Inquiètes nous pressions alors le pas, le bruit de nos pieds semblaient s'étouffer sur le sol, la lumière était maintenant terne, une lueur blanchâtre émanait de toute part. Nous marchâmes ainsi durant une éternité, sans comprendre comment sortir de cet épouvantable labyrinthe. En proie à une peur grandissante nous décidâmes de faire demi-tour en espérant reconnaître le chemin que nous avions pris. Mais les couloirs semblaient avoir changé, s’être allongés ou avoir modifiés leurs dispositions. C'était pourtant impossible, notre panique devait nous faire perdre le sens commun nous nous arrêtâmes pour nous calmer, nous échangeâmes des mots de réconfort.
Tout à coup, un bruit de verre brisé nous fit sursauter. Interdites, pétrifiées d’effroi nous restâmes là sans oser bouger. Je repris une profonde inspiration, après avoir retenu ma respiration sans m'en rendre compte, je regardais mon amie, sa beauté exotique me réconforta et je lui souris.
Nos pas se firent hésitants, nous allions dans la direction du bruit qui nous avait effrayé. Nous débouchâmes dans une pièce de miroirs circulaires, cernés d'une infinité de nous-même. C'était une voie sans issue et lorsque nous nous retournions pour repartir il n'y avait plus de couloir. Nous étions piégées, entourées d'une armée de nos doubles imitant le moindre de nos gestes. Je me mis à la recherche d'une issue ou d'un mécanisme et, alors que je faisais courir le bout de mes doigts sur les froides surfaces polies, mon amie se mit à appeler à l'aide, puis à hurler. Ses appels inutiles commençaient à m'énerver et avant que je me retourne pour lui dire d’arrêter, elle cessa de crier. Subitement il me sembla que tout s'était figé dans la pièce. Je ne pouvais plus bouger, je fixais mon reflet, mon apparence hideuse sans pourvoir détourner le regard. J'étais forcée de regarder mon corps grotesque et la laideur de mon visage, je tentais de fermer les yeux, de détourner le regard de cette image tant haïe mais je ne pouvais rien faire, ma volonté ni suffisait pas. Je restais ainsi à subir l'humiliation de mon apparence durant un temps qui m’apparut infini. Je hurlais intérieurement, je ruais entravé par des chaînes invisibles. J'aurais voulu mettre fin à ce supplice, j'aurais tout donné pour voir autre chose, tout fait pour avoir une autre apparence, un autre corps, être simplement plus belle.
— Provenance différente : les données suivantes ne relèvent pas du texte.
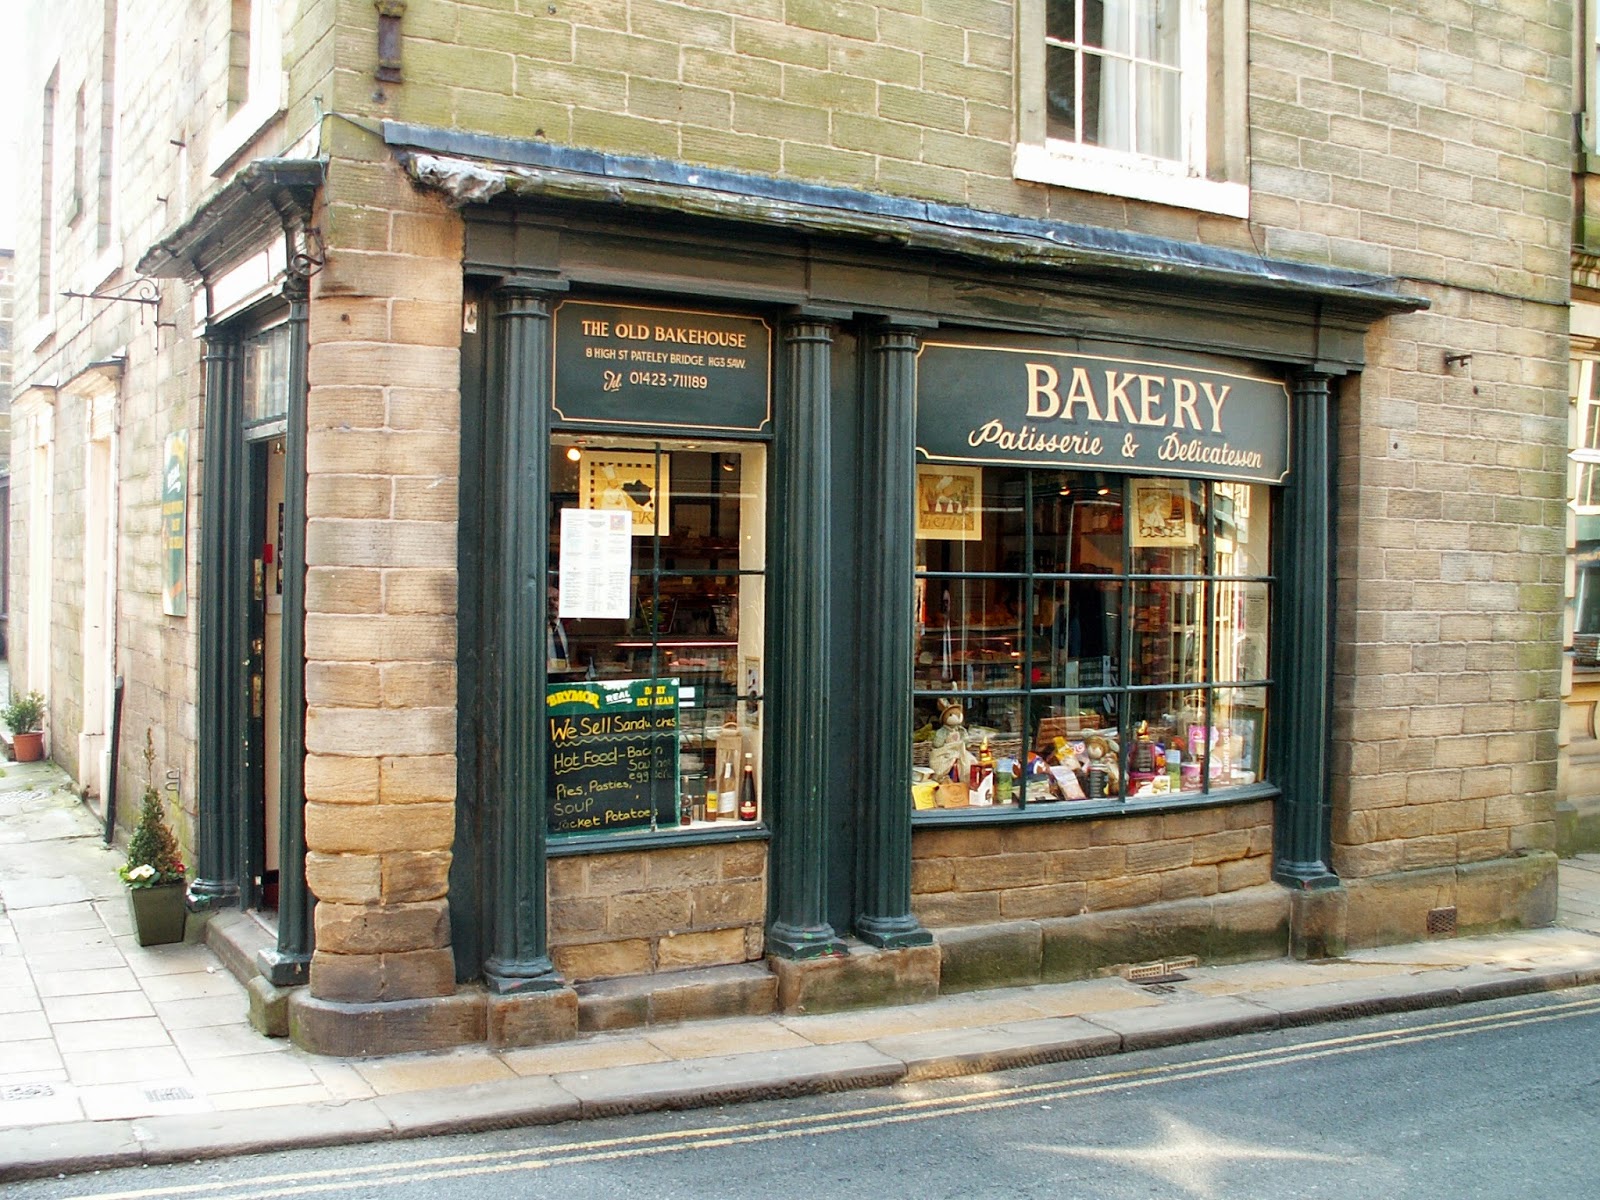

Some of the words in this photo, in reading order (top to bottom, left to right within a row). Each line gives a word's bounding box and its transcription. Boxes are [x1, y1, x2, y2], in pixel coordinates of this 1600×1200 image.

[581, 320, 610, 338] THE
[615, 323, 650, 341] OLD
[654, 327, 747, 349] BAKEHOUSE
[585, 347, 592, 358] 8
[594, 348, 616, 360] HIGH
[618, 349, 629, 361] ST
[631, 350, 669, 363] PATELEY
[708, 356, 725, 368] HG3
[1024, 362, 1232, 435] BAKERY
[967, 418, 1105, 457] Patisserie
[1121, 432, 1140, 458] &
[1157, 432, 1263, 469] Delicatessen
[546, 689, 600, 709] BRYMOR
[605, 691, 630, 702] REAL
[644, 686, 666, 695] DARY
[551, 717, 579, 742] We
[580, 716, 611, 736] Sell
[554, 752, 580, 770] Hot
[627, 745, 663, 759] Bacn
[553, 815, 601, 832] Jacket
Tout à coup je me retrouvais chez moi sans comprendre ce qui s'était produit, je courrais chez mon amie mais elle refusa obstinément de me voir. Les jours qui suivirent je réussis à lui parler au téléphone mais elle ne voulait pas parler de ce qui s'était passé à la fête foraine. Lorsque j’insistais pour savoir elle raccrochait.